### Exercise details
Please, without the pictures, restate every entry exactly.

### Excerpted records
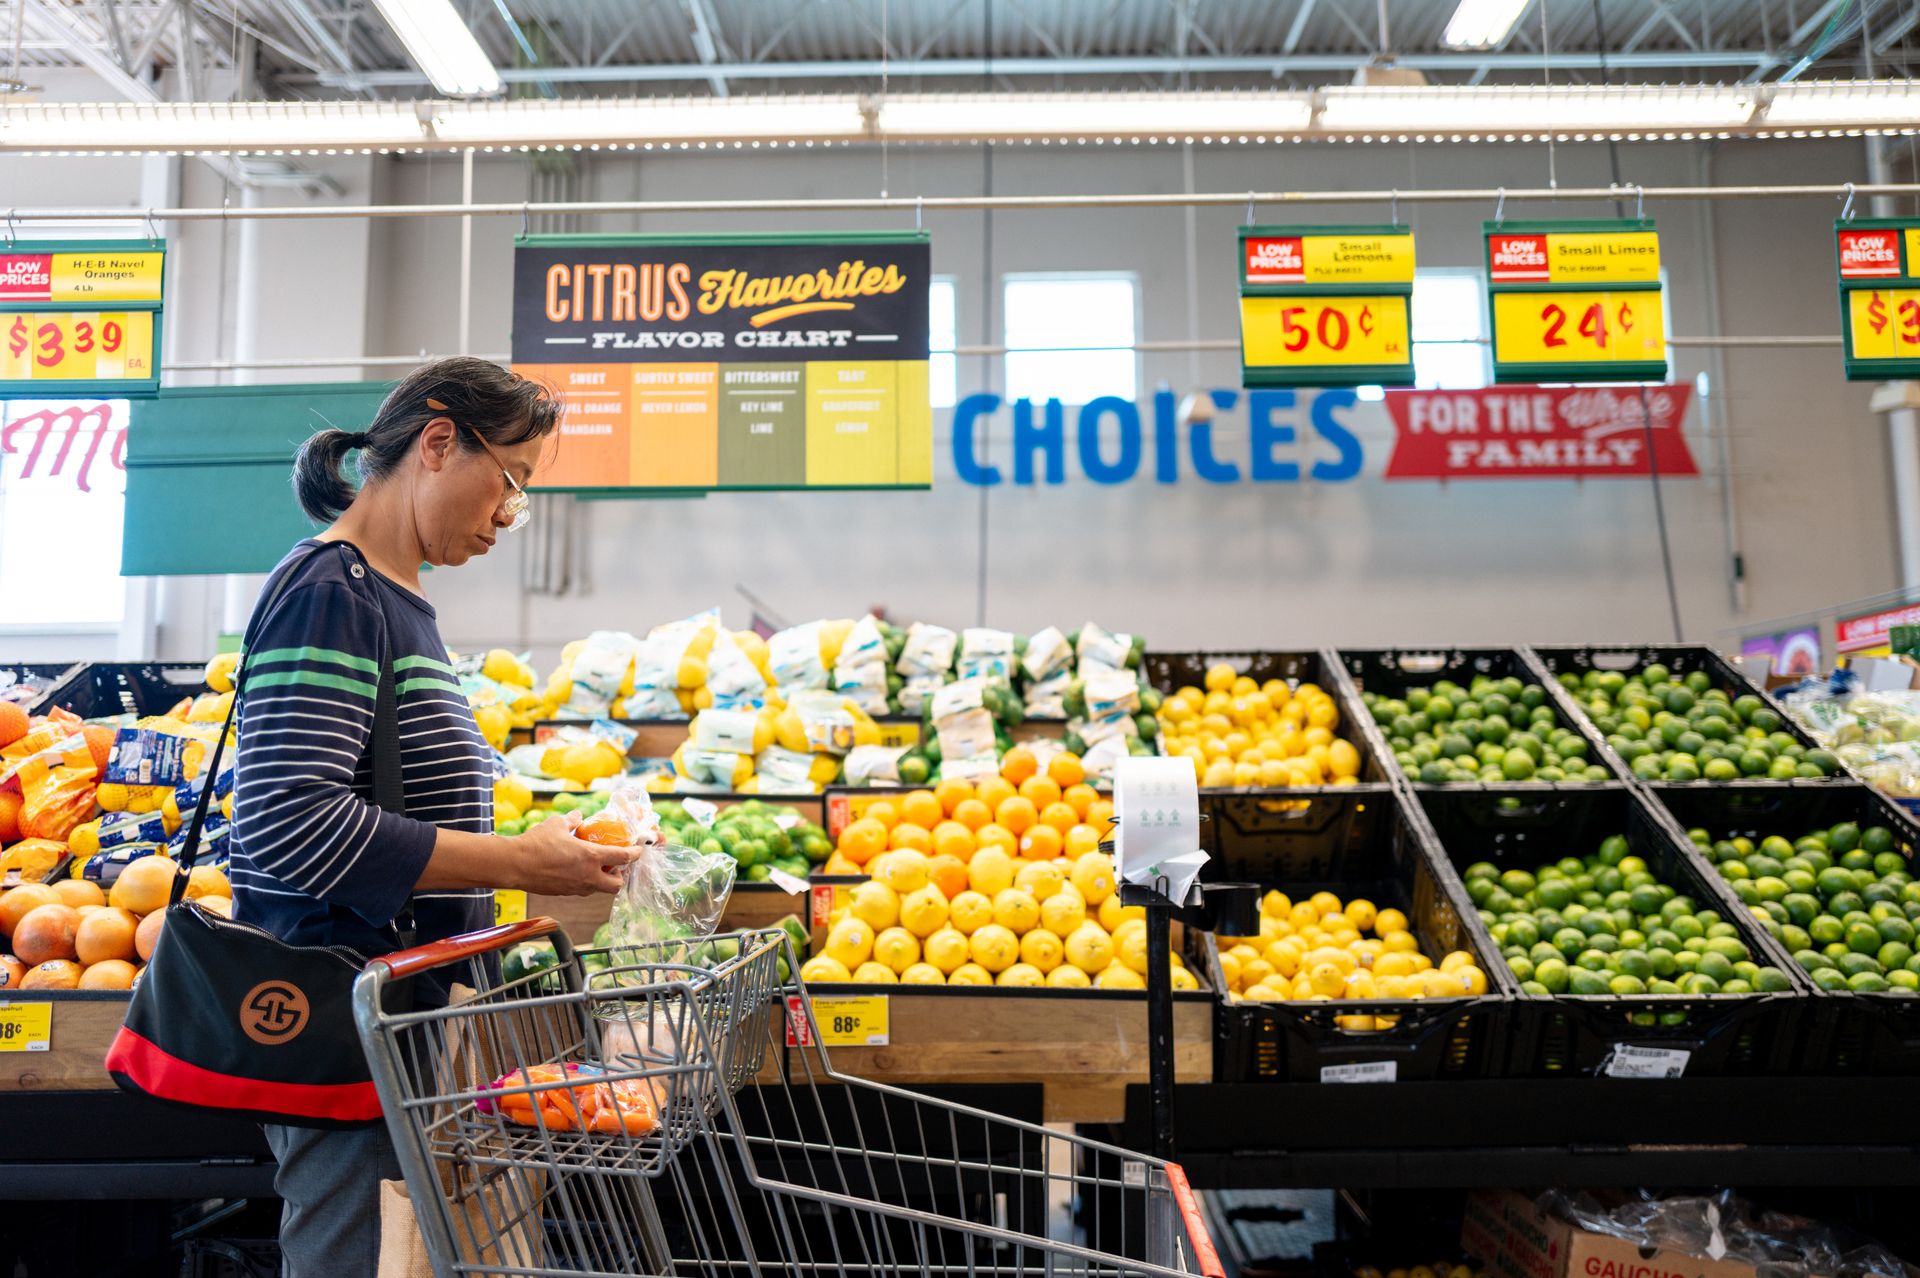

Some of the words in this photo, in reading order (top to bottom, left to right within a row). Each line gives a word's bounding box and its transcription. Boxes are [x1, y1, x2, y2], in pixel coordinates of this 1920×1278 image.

[1339, 242, 1382, 252] Small
[1501, 241, 1537, 254] LOW
[1850, 237, 1885, 249] LOW
[1257, 243, 1293, 256] LOW
[1559, 245, 1602, 256] Small
[1608, 245, 1655, 255] Limes
[1843, 248, 1895, 262] PRICES
[1249, 255, 1302, 268] PRICES
[1334, 252, 1392, 262] Lemons
[1494, 252, 1546, 265] PRICES
[7, 262, 41, 273] LOW
[73, 260, 105, 268] H-E-B
[110, 260, 144, 268] Navel
[0, 274, 49, 286] PRICES
[84, 270, 135, 280] Oranges
[545, 263, 691, 322] CITRUS
[696, 260, 907, 316] Flavorites
[592, 331, 725, 348] FLAVOR
[735, 330, 852, 348] CHART
[569, 372, 606, 384] SWEET
[634, 372, 676, 384] SUBTLY
[678, 372, 714, 384] SWEET
[724, 371, 800, 384] BITTERSWEET
[584, 402, 622, 414] ORANGE
[740, 402, 759, 412] KEY
[760, 402, 784, 412] LIME
[1408, 394, 1479, 433] FOR
[1483, 393, 1554, 432] THE
[1558, 389, 1675, 428] Whole
[750, 423, 773, 434] LIME
[952, 388, 1364, 485] CHOICES
[1447, 439, 1641, 468] FAMILY
[1584, 1256, 1684, 1278] GAUC
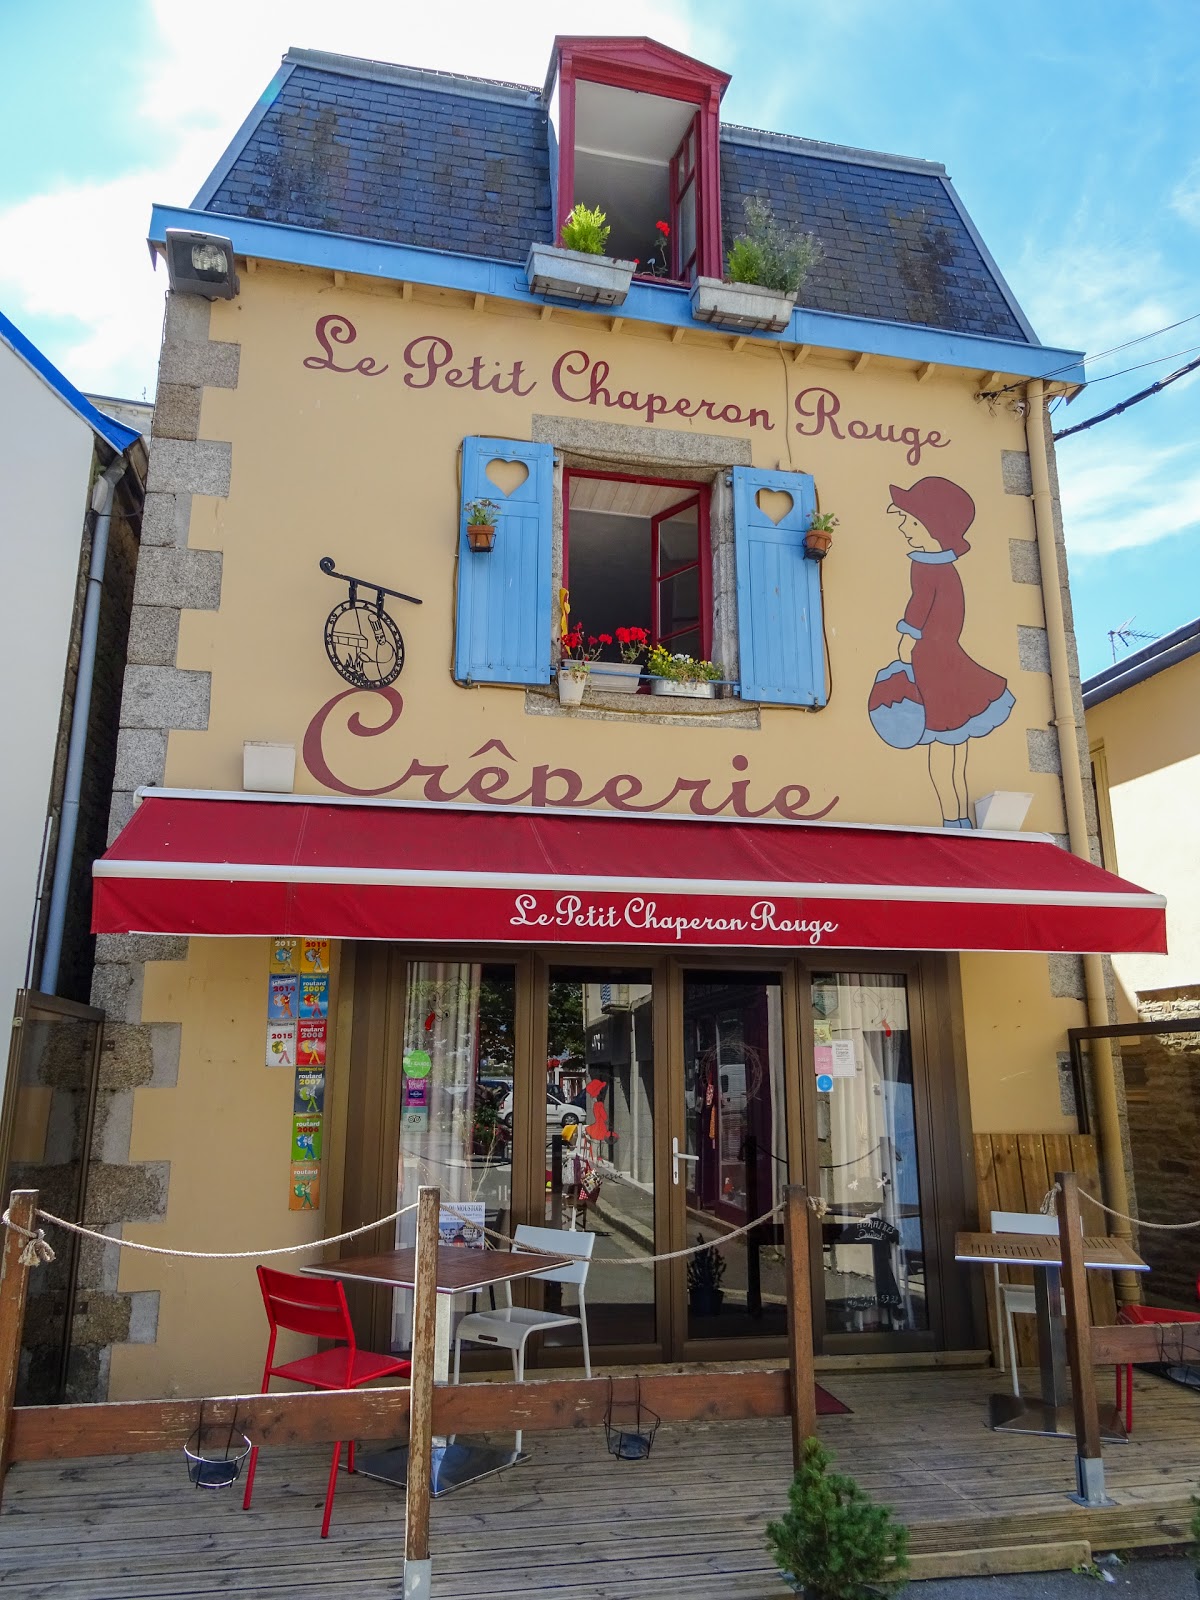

### Exercise output
Some of the words in this photo, in reading order (top to bottom, left to right within a row). Each line gives a word's bounding box and its transcription. Boxes are [x1, y1, x2, y2], in pixel coordinates of this 1920×1278 image.

[1339, 242, 1382, 252] Small
[1501, 241, 1537, 254] LOW
[1850, 237, 1885, 249] LOW
[1257, 243, 1293, 256] LOW
[1559, 245, 1602, 256] Small
[1608, 245, 1655, 255] Limes
[1843, 248, 1895, 262] PRICES
[1249, 255, 1302, 268] PRICES
[1334, 252, 1392, 262] Lemons
[1494, 252, 1546, 265] PRICES
[7, 262, 41, 273] LOW
[73, 260, 105, 268] H-E-B
[110, 260, 144, 268] Navel
[0, 274, 49, 286] PRICES
[84, 270, 135, 280] Oranges
[545, 263, 691, 322] CITRUS
[696, 260, 907, 316] Flavorites
[592, 331, 725, 348] FLAVOR
[735, 330, 852, 348] CHART
[569, 372, 606, 384] SWEET
[634, 372, 676, 384] SUBTLY
[678, 372, 714, 384] SWEET
[724, 371, 800, 384] BITTERSWEET
[584, 402, 622, 414] ORANGE
[740, 402, 759, 412] KEY
[760, 402, 784, 412] LIME
[1408, 394, 1479, 433] FOR
[1483, 393, 1554, 432] THE
[1558, 389, 1675, 428] Whole
[750, 423, 773, 434] LIME
[952, 388, 1364, 485] CHOICES
[1447, 439, 1641, 468] FAMILY
[1584, 1256, 1684, 1278] GAUC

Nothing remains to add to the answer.